- **Records provided**:
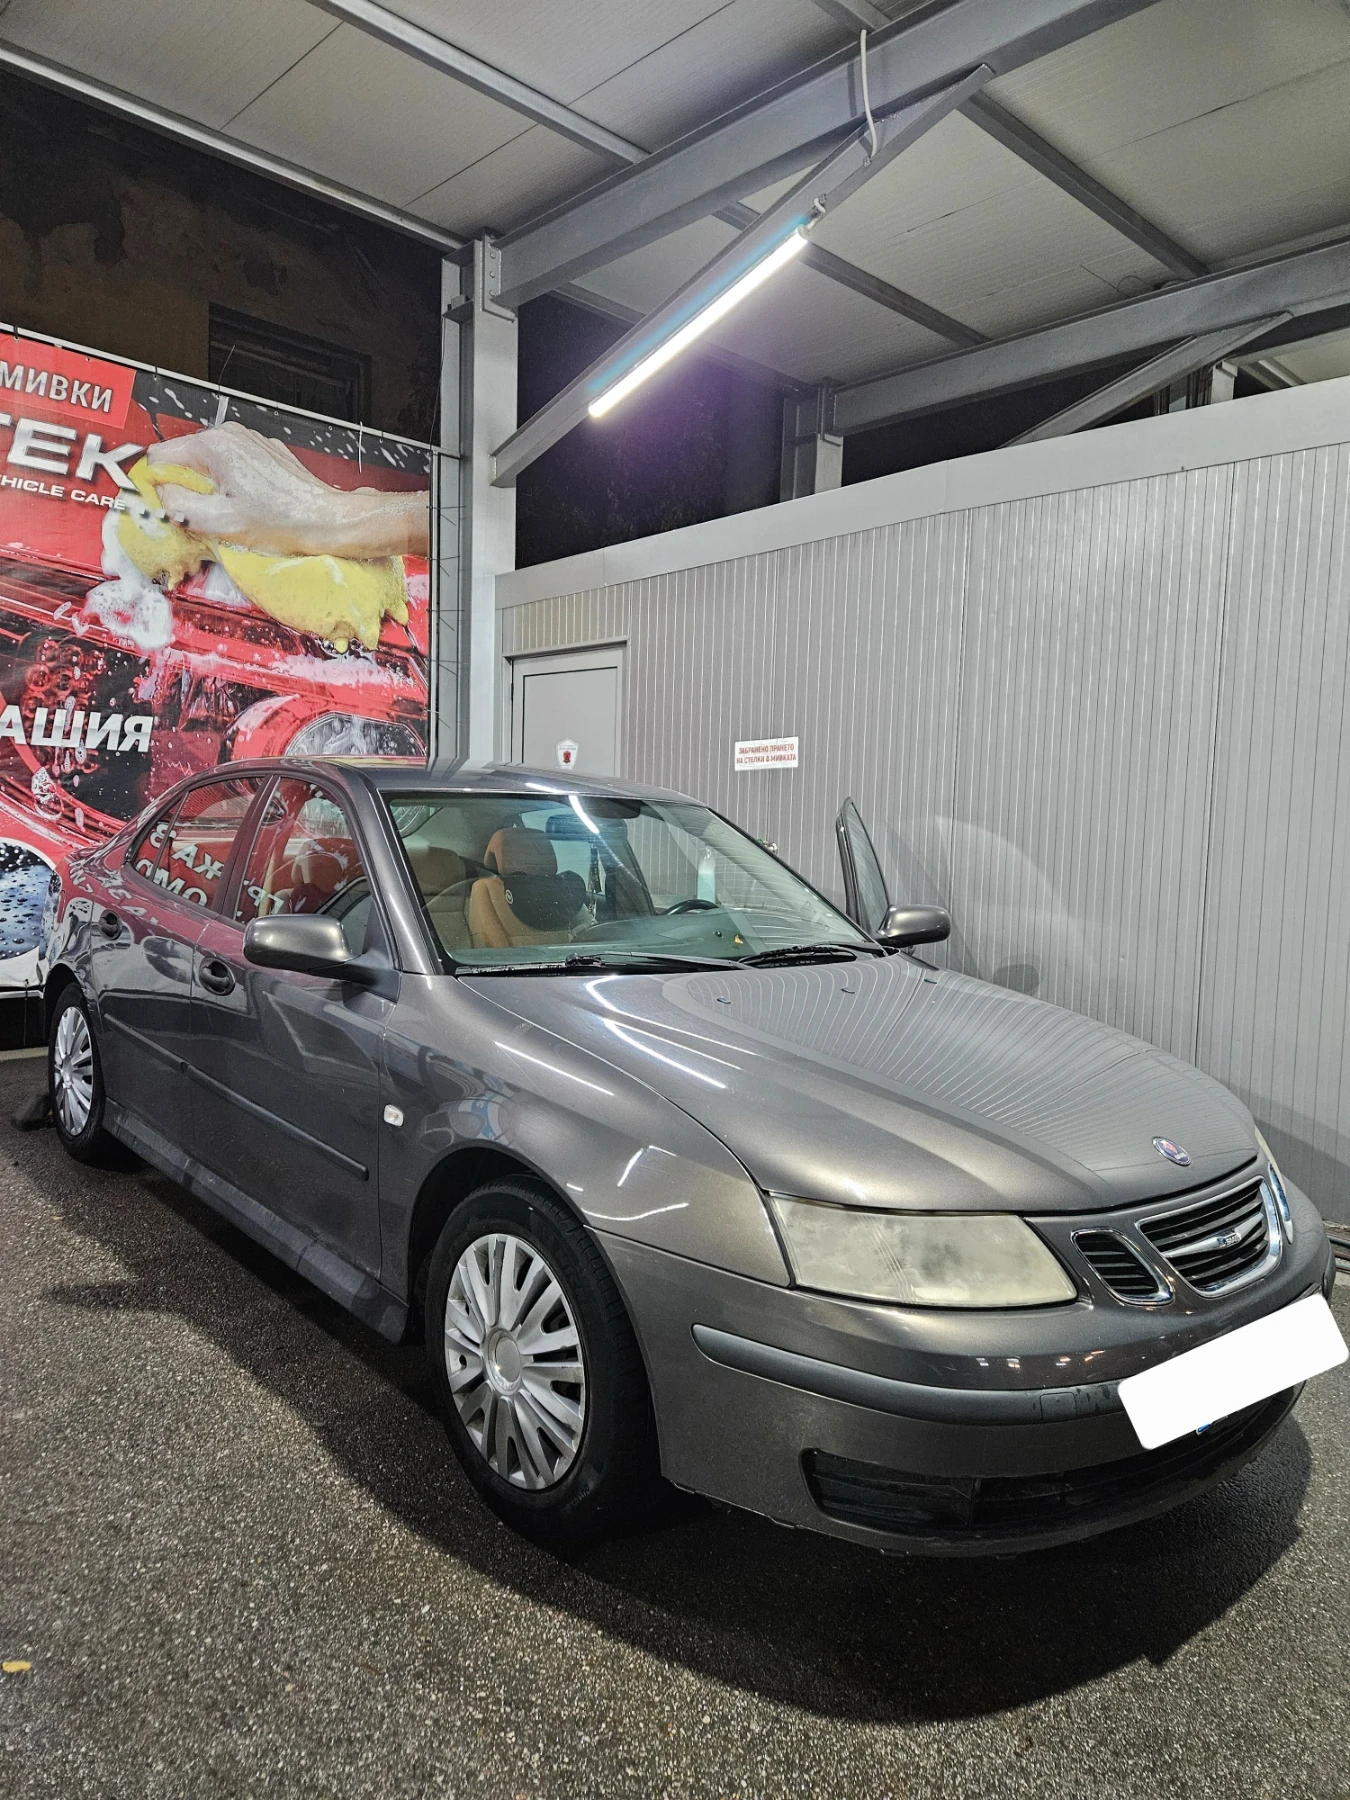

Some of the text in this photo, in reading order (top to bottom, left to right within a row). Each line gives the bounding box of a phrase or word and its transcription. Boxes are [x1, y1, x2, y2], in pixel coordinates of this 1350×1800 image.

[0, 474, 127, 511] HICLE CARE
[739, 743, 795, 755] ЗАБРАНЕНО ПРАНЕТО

--

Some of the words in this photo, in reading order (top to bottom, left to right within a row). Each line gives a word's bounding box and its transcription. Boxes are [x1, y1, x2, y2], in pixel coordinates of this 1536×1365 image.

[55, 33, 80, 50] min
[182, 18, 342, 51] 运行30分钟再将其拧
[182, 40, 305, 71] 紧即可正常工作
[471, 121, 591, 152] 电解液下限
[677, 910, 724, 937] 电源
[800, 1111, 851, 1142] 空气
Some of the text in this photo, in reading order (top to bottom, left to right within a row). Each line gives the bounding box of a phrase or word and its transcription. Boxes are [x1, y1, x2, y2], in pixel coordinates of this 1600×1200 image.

- **Task instructions**:
Print exactly the lines of the listing above starting at the line containing "Some of the words" and ending at the line containing "this 1600×1200 image.", both included.

- **Result**:
Some of the words in this photo, in reading order (top to bottom, left to right within a row). Each line gives a word's bounding box and its transcription. Boxes are [x1, y1, x2, y2], in pixel coordinates of this 1536×1365 image.

[55, 33, 80, 50] min
[182, 18, 342, 51] 运行30分钟再将其拧
[182, 40, 305, 71] 紧即可正常工作
[471, 121, 591, 152] 电解液下限
[677, 910, 724, 937] 电源
[800, 1111, 851, 1142] 空气
Some of the text in this photo, in reading order (top to bottom, left to right within a row). Each line gives the bounding box of a phrase or word and its transcription. Boxes are [x1, y1, x2, y2], in pixel coordinates of this 1600×1200 image.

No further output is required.